> **EXERCISE REQUIREMENTS**:
Each record that follows should be repeated exactly, with no pictures carried over.
[Opening MATERIAL FOR THIS TASK section]
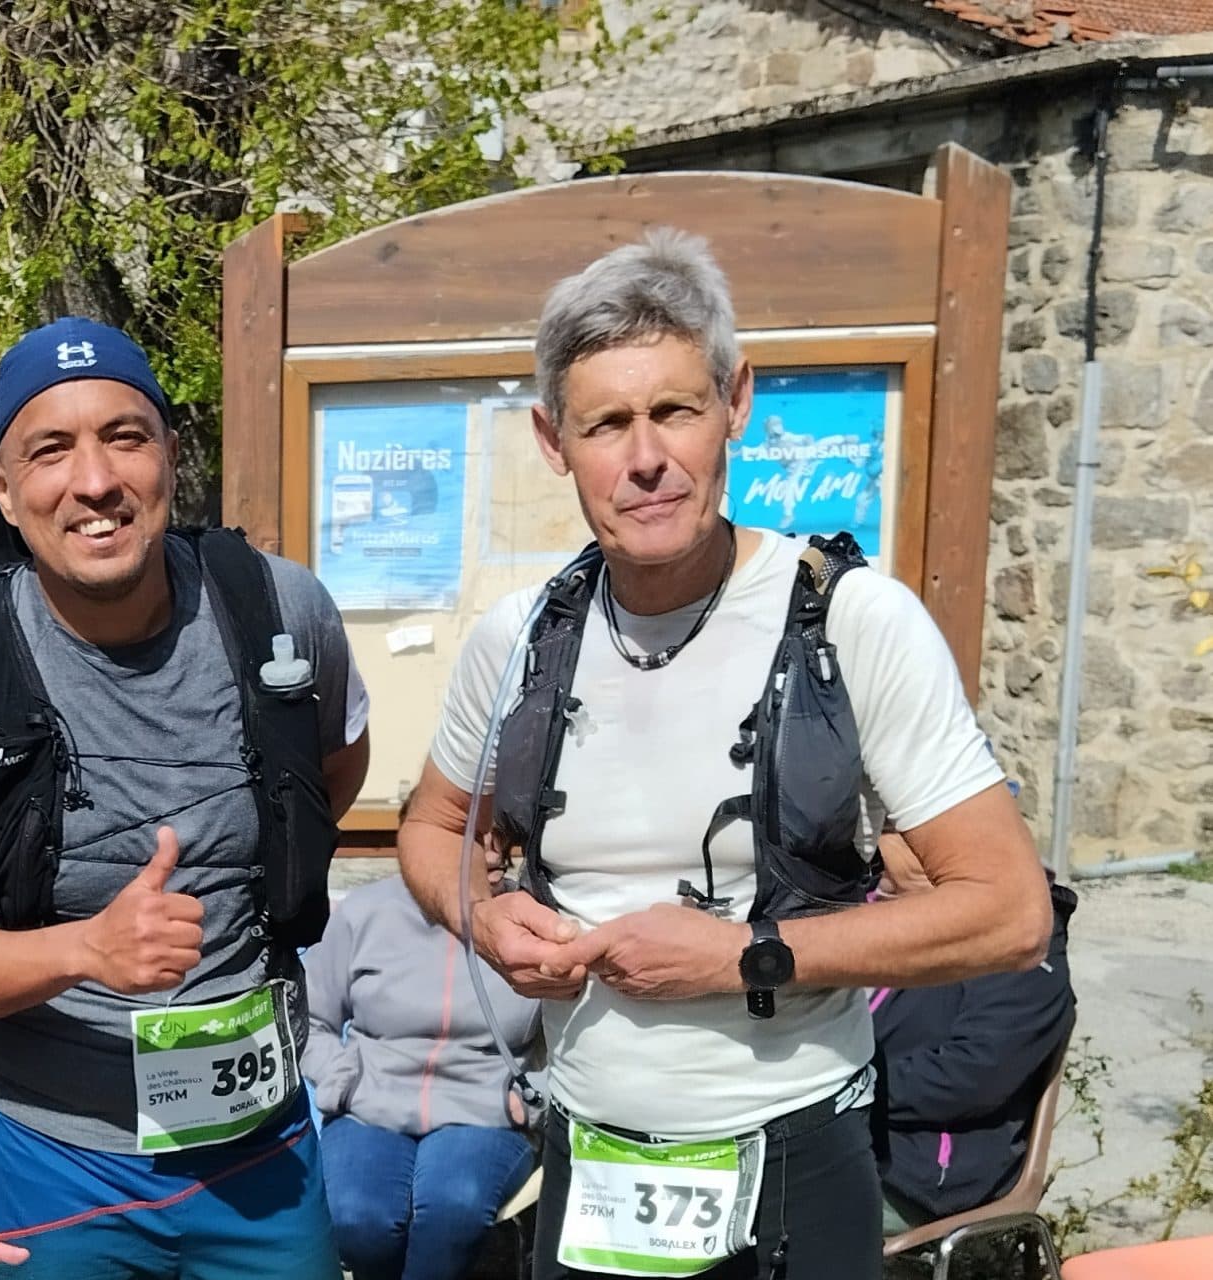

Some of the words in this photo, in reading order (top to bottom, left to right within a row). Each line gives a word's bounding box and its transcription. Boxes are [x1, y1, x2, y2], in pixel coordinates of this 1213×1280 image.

[338, 440, 451, 471] Nozières
[742, 443, 871, 462] L'ADVERSAIRE
[744, 473, 811, 507] MON
[810, 471, 863, 505] AMI
[228, 1001, 268, 1030] RAIDLIGHT
[211, 1043, 276, 1097] 395
[149, 1089, 187, 1106] 57KM
[580, 1203, 615, 1219] 57KM
[634, 1182, 723, 1229] 373
[649, 1237, 697, 1251] BORALEX
[Closing MATERIAL FOR THIS TASK section]
> **SOLUTION BELOW**:
Some of the words in this photo, in reading order (top to bottom, left to right within a row). Each line gives a word's bounding box and its transcription. Boxes are [x1, y1, x2, y2], in pixel coordinates of this 1213×1280 image.

[338, 440, 451, 471] Nozières
[742, 443, 871, 462] L'ADVERSAIRE
[744, 473, 811, 507] MON
[810, 471, 863, 505] AMI
[228, 1001, 268, 1030] RAIDLIGHT
[211, 1043, 276, 1097] 395
[149, 1089, 187, 1106] 57KM
[580, 1203, 615, 1219] 57KM
[634, 1182, 723, 1229] 373
[649, 1237, 697, 1251] BORALEX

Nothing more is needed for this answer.